> [Work item] Go through the data below and transcribe it exactly. Omit the images.

> [Input records]
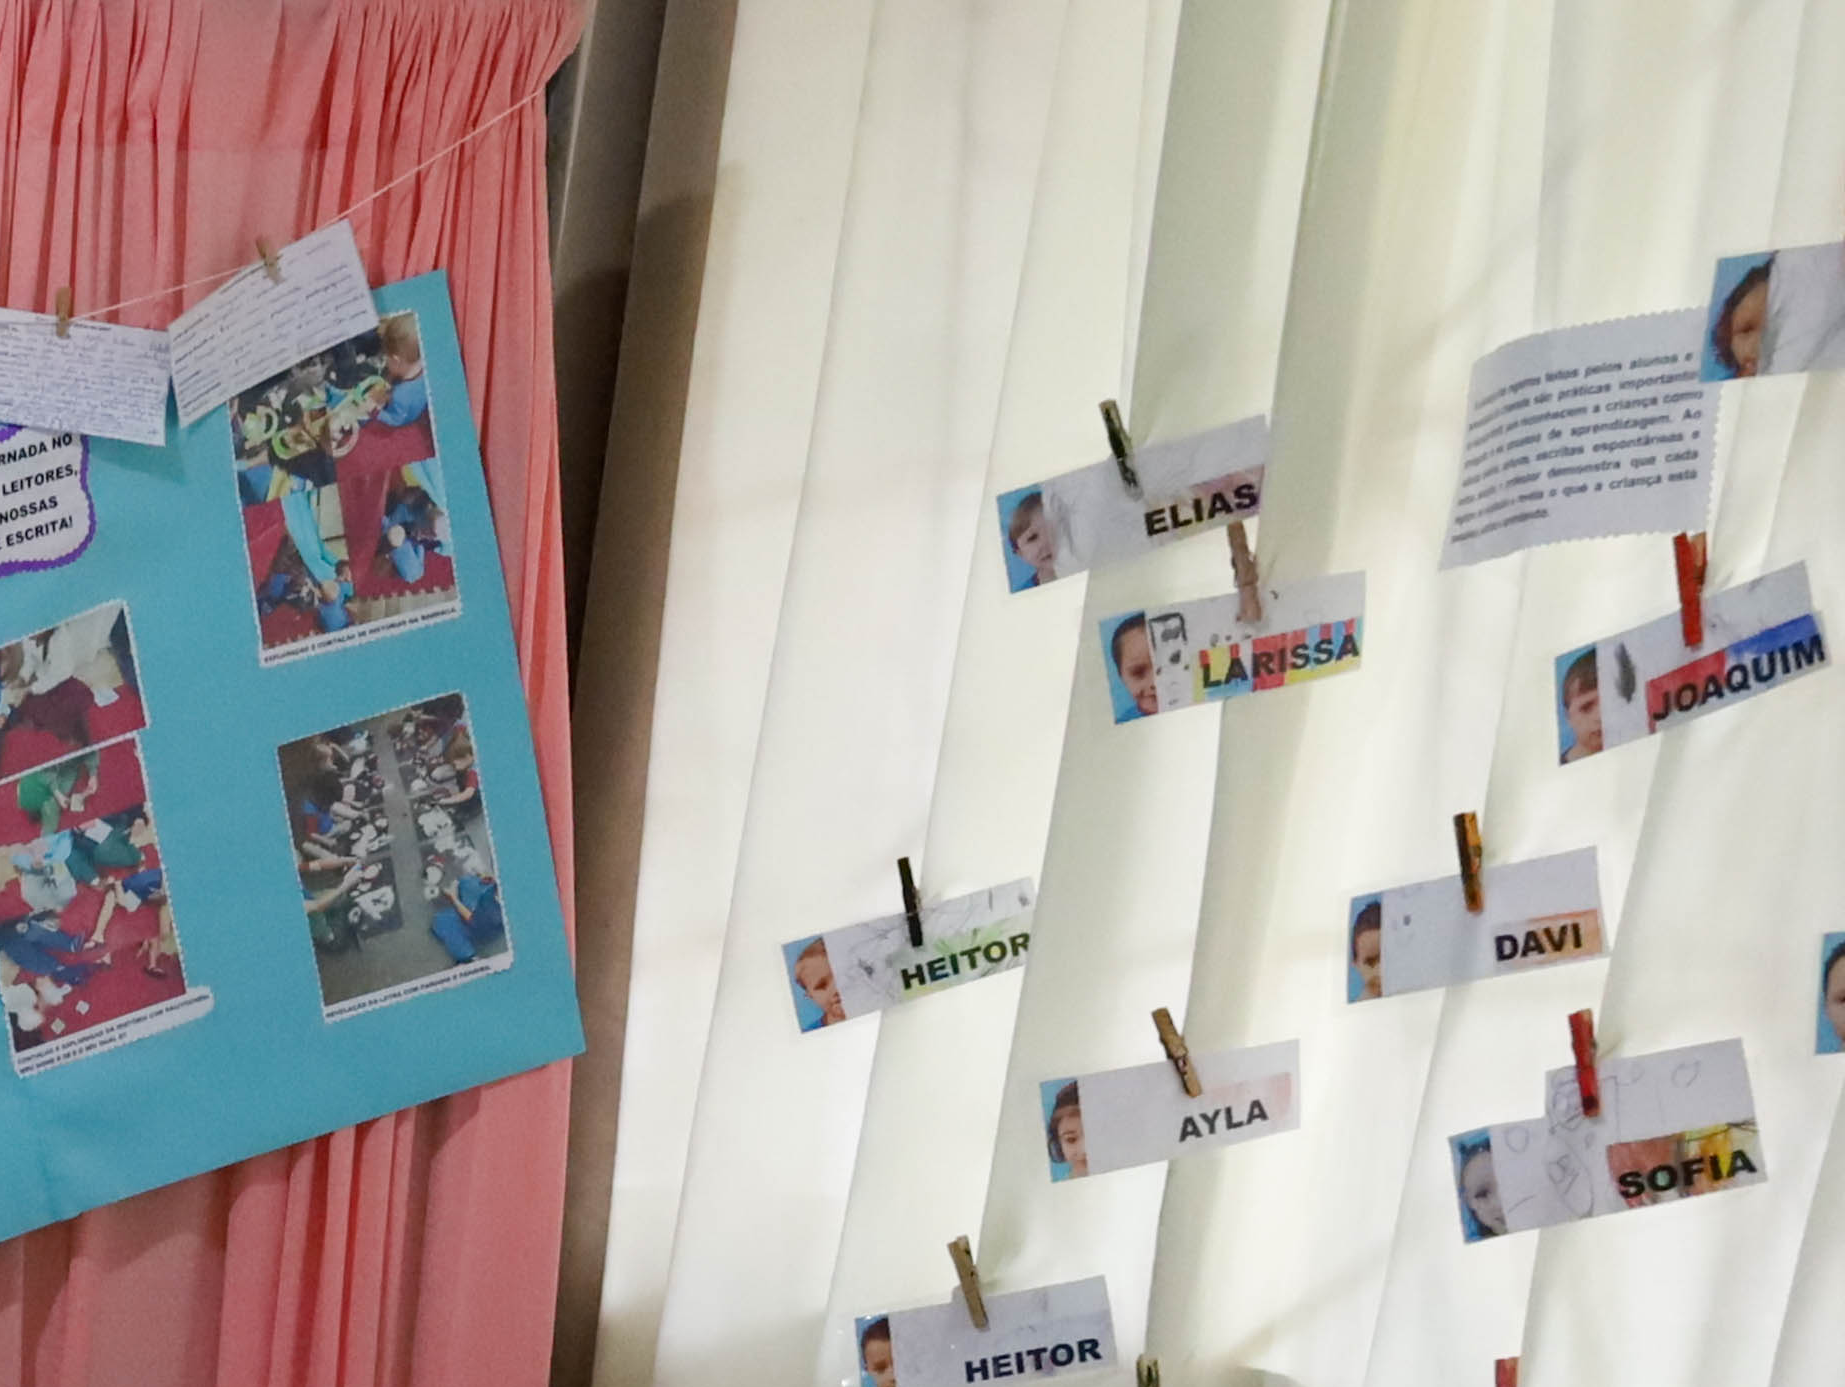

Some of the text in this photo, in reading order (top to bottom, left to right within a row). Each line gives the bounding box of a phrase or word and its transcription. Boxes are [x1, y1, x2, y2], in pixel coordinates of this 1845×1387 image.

[52, 433, 73, 450] NO
[2, 465, 78, 497] LEITORES,
[6, 515, 73, 547] ESCRITA!
[1143, 482, 1260, 536] ELIAS
[1200, 632, 1362, 690] LARISSA
[1649, 633, 1826, 726] JOAQUIM
[899, 931, 1033, 992] HEITOR
[1494, 922, 1585, 964] DAVI
[1177, 1099, 1270, 1144] AYLA
[1616, 1148, 1759, 1200] SOFIA
[964, 1337, 1102, 1384] HEITOR

> [Result of this exercise]
Some of the text in this photo, in reading order (top to bottom, left to right within a row). Each line gives the bounding box of a phrase or word and its transcription. Boxes are [x1, y1, x2, y2], in pixel coordinates of this 1845×1387 image.

[52, 433, 73, 450] NO
[2, 465, 78, 497] LEITORES,
[6, 515, 73, 547] ESCRITA!
[1143, 482, 1260, 536] ELIAS
[1200, 632, 1362, 690] LARISSA
[1649, 633, 1826, 726] JOAQUIM
[899, 931, 1033, 992] HEITOR
[1494, 922, 1585, 964] DAVI
[1177, 1099, 1270, 1144] AYLA
[1616, 1148, 1759, 1200] SOFIA
[964, 1337, 1102, 1384] HEITOR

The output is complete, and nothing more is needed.